Word for word, copy the line containing "this 1365×2048 image." and each line after it in the records below, ending with the last line.

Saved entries
========================================================================

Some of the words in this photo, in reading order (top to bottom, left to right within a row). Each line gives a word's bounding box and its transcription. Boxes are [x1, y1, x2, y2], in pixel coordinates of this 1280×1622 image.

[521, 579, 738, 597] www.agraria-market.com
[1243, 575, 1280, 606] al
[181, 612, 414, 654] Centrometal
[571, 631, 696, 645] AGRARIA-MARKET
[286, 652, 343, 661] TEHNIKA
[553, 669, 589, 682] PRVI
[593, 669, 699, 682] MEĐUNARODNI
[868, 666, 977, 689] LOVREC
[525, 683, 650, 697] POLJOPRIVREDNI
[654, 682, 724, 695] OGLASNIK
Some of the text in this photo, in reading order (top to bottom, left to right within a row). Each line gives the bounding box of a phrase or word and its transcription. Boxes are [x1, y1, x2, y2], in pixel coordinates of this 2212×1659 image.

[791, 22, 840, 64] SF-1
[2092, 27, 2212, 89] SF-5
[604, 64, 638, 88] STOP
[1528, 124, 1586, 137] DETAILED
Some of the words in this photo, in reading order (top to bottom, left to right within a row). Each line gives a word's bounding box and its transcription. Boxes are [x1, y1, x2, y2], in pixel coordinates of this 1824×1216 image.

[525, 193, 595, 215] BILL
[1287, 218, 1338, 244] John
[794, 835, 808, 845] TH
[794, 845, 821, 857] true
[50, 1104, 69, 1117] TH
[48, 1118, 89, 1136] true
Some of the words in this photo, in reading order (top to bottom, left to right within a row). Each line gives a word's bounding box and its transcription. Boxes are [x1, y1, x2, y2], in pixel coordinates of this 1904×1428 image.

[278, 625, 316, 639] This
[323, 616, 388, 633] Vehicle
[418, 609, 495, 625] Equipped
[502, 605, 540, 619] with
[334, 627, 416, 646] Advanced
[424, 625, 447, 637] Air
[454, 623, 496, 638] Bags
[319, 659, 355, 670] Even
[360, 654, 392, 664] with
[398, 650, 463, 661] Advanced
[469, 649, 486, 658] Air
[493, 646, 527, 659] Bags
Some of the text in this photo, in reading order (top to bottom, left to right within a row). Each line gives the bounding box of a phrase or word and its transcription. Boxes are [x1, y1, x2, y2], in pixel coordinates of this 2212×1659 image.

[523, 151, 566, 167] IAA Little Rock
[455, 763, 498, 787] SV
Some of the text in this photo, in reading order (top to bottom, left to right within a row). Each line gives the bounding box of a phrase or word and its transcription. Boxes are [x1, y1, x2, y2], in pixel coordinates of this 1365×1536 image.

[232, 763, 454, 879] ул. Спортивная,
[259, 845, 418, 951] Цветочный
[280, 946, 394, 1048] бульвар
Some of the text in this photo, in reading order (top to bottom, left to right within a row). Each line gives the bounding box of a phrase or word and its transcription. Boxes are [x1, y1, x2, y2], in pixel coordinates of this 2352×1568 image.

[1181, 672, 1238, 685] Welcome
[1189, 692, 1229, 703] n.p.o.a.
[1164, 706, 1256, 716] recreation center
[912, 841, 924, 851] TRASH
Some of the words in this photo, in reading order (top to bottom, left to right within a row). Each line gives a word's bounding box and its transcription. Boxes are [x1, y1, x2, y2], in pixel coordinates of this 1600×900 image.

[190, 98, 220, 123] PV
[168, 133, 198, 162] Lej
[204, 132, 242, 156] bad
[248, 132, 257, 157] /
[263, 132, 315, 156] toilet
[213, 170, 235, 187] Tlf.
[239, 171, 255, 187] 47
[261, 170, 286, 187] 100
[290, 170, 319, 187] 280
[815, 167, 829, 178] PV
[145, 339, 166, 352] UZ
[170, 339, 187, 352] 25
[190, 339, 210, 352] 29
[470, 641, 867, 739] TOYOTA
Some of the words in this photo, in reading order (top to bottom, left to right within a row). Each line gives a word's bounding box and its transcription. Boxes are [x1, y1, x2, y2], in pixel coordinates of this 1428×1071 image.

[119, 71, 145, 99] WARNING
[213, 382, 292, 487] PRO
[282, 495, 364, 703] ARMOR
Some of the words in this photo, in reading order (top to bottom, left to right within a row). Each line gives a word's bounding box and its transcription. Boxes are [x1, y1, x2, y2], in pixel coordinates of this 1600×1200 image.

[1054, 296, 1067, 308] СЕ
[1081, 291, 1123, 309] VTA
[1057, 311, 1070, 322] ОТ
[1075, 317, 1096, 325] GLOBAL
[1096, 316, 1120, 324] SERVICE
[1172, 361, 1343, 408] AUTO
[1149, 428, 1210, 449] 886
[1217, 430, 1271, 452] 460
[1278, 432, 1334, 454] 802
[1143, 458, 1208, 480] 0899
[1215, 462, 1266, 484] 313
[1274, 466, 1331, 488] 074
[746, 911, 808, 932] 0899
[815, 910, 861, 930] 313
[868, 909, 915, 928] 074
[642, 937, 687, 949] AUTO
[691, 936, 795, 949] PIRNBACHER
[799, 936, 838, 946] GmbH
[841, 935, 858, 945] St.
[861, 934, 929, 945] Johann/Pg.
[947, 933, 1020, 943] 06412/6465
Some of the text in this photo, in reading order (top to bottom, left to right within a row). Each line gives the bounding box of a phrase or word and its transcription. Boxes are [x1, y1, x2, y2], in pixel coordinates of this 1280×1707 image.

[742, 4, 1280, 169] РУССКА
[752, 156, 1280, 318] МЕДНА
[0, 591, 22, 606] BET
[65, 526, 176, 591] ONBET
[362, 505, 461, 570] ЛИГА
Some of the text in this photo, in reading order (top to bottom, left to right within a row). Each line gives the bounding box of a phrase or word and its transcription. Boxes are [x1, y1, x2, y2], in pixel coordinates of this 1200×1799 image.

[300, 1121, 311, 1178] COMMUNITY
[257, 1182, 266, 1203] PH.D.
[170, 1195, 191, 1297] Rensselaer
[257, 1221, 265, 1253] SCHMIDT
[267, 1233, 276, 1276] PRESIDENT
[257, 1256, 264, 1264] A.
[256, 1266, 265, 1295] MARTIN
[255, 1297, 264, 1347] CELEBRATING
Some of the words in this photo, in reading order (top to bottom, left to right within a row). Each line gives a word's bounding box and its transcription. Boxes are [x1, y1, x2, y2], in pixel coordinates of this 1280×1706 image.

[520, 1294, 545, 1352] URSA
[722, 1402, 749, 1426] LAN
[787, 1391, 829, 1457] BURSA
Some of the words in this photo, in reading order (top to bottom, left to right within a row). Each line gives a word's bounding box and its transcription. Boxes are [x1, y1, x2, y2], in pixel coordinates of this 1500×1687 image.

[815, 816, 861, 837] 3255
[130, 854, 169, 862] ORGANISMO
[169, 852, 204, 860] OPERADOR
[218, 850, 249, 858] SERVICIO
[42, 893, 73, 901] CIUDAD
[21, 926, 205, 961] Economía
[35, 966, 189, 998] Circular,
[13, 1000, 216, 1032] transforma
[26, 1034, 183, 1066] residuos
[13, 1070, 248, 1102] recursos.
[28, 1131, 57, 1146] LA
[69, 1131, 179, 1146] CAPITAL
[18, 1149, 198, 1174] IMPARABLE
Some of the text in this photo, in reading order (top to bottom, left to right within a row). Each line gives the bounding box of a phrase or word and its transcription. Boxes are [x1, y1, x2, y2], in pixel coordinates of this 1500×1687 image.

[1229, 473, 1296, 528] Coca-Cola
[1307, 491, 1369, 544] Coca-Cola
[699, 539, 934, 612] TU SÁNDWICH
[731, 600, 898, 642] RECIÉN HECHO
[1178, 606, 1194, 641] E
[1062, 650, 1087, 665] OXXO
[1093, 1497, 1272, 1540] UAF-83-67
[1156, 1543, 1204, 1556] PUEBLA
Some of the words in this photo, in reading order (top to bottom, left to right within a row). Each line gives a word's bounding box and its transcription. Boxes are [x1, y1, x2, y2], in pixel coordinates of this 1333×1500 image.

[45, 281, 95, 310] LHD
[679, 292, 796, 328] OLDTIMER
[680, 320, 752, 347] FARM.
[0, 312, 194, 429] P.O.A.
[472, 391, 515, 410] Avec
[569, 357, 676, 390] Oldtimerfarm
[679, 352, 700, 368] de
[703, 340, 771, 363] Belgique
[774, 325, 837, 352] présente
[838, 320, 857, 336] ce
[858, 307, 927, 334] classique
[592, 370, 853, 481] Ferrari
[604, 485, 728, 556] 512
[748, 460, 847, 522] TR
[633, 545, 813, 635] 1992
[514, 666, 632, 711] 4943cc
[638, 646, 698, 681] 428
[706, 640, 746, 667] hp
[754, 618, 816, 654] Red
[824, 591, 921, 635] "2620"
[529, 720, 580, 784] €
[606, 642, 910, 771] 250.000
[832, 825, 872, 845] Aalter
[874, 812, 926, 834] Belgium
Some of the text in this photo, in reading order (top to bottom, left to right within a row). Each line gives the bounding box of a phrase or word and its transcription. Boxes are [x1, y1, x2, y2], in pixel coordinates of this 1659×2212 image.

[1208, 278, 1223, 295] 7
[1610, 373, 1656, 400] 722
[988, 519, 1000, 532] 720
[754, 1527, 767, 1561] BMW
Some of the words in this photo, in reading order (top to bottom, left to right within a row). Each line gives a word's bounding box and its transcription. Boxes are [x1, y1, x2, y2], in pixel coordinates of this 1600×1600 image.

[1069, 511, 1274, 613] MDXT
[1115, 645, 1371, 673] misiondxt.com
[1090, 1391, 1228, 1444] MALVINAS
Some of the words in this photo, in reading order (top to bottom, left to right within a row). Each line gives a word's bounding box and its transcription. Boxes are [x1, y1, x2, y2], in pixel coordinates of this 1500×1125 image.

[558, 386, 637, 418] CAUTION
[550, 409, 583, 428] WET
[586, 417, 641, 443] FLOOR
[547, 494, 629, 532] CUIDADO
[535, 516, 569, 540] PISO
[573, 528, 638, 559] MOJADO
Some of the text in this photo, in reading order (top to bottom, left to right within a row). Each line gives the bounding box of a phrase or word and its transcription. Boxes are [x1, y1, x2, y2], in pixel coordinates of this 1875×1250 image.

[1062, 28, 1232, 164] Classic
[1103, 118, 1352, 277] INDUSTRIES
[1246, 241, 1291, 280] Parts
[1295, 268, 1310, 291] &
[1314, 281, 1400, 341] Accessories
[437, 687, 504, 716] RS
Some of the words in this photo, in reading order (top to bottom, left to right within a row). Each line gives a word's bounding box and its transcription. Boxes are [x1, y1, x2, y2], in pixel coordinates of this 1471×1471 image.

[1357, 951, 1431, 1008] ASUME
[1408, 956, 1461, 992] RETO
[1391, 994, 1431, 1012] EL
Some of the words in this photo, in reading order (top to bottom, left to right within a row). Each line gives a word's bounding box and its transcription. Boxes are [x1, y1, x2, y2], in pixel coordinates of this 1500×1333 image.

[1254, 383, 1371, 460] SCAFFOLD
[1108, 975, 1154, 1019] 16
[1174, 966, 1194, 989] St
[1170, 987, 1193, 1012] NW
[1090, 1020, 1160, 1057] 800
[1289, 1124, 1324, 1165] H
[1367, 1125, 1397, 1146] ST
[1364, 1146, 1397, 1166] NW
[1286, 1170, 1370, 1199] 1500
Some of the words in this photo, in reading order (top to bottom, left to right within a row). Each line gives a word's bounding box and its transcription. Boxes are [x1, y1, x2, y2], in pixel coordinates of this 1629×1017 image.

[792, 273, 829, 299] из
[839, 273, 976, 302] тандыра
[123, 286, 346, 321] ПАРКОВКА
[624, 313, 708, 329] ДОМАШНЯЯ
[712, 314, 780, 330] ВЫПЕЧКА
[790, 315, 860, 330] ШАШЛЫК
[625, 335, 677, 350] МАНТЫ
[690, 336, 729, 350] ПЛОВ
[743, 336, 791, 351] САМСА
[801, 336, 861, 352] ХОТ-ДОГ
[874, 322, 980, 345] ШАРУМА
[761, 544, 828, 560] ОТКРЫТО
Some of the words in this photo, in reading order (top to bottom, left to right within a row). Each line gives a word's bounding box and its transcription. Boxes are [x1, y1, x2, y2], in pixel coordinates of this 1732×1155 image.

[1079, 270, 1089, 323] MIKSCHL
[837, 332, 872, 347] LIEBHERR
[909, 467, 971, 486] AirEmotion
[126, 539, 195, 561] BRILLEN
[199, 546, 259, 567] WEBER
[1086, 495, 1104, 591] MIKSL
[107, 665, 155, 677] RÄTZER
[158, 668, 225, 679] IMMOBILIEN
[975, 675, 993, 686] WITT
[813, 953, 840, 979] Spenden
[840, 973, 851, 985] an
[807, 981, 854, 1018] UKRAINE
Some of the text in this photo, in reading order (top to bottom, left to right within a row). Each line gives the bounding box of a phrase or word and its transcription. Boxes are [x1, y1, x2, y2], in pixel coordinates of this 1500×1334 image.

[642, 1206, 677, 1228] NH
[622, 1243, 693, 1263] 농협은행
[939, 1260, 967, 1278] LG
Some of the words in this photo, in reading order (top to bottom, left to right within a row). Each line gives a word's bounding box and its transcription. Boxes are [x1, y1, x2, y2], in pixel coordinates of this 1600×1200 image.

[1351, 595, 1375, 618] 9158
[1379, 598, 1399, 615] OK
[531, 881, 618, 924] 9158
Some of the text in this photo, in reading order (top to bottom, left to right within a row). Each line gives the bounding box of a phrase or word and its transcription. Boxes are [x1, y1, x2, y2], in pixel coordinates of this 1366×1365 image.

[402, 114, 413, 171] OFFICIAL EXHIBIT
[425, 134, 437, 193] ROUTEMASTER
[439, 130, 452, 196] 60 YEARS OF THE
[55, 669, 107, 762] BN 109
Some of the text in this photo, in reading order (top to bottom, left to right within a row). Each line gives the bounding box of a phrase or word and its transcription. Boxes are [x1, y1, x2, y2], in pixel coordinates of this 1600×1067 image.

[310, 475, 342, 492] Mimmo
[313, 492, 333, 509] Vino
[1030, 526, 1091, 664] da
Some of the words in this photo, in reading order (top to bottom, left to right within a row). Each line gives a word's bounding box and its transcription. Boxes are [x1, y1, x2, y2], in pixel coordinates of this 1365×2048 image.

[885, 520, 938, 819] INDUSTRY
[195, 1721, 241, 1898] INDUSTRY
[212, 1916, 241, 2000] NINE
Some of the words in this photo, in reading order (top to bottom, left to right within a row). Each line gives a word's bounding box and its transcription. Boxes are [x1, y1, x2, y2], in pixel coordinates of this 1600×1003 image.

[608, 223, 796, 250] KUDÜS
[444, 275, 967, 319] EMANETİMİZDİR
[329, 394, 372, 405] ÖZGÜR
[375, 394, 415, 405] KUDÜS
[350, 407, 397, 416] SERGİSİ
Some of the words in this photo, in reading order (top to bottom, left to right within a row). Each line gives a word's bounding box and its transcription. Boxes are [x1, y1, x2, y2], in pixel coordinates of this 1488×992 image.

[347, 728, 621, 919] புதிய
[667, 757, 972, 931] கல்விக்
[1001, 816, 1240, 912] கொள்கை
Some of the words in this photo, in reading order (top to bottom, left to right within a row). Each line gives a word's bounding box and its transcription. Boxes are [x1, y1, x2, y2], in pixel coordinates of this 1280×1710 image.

========================================================================

RESPONSE AREA:
Some of the words in this photo, in reading order (top to bottom, left to right within a row). Each line gives a word's bounding box and its transcription. Boxes are [x1, y1, x2, y2], in pixel coordinates of this 1365×2048 image.

[885, 520, 938, 819] INDUSTRY
[195, 1721, 241, 1898] INDUSTRY
[212, 1916, 241, 2000] NINE
Some of the words in this photo, in reading order (top to bottom, left to right within a row). Each line gives a word's bounding box and its transcription. Boxes are [x1, y1, x2, y2], in pixel coordinates of this 1600×1003 image.

[608, 223, 796, 250] KUDÜS
[444, 275, 967, 319] EMANETİMİZDİR
[329, 394, 372, 405] ÖZGÜR
[375, 394, 415, 405] KUDÜS
[350, 407, 397, 416] SERGİSİ
Some of the words in this photo, in reading order (top to bottom, left to right within a row). Each line gives a word's bounding box and its transcription. Boxes are [x1, y1, x2, y2], in pixel coordinates of this 1488×992 image.

[347, 728, 621, 919] புதிய
[667, 757, 972, 931] கல்விக்
[1001, 816, 1240, 912] கொள்கை
Some of the words in this photo, in reading order (top to bottom, left to right within a row). Each line gives a word's bounding box and its transcription. Boxes are [x1, y1, x2, y2], in pixel coordinates of this 1280×1710 image.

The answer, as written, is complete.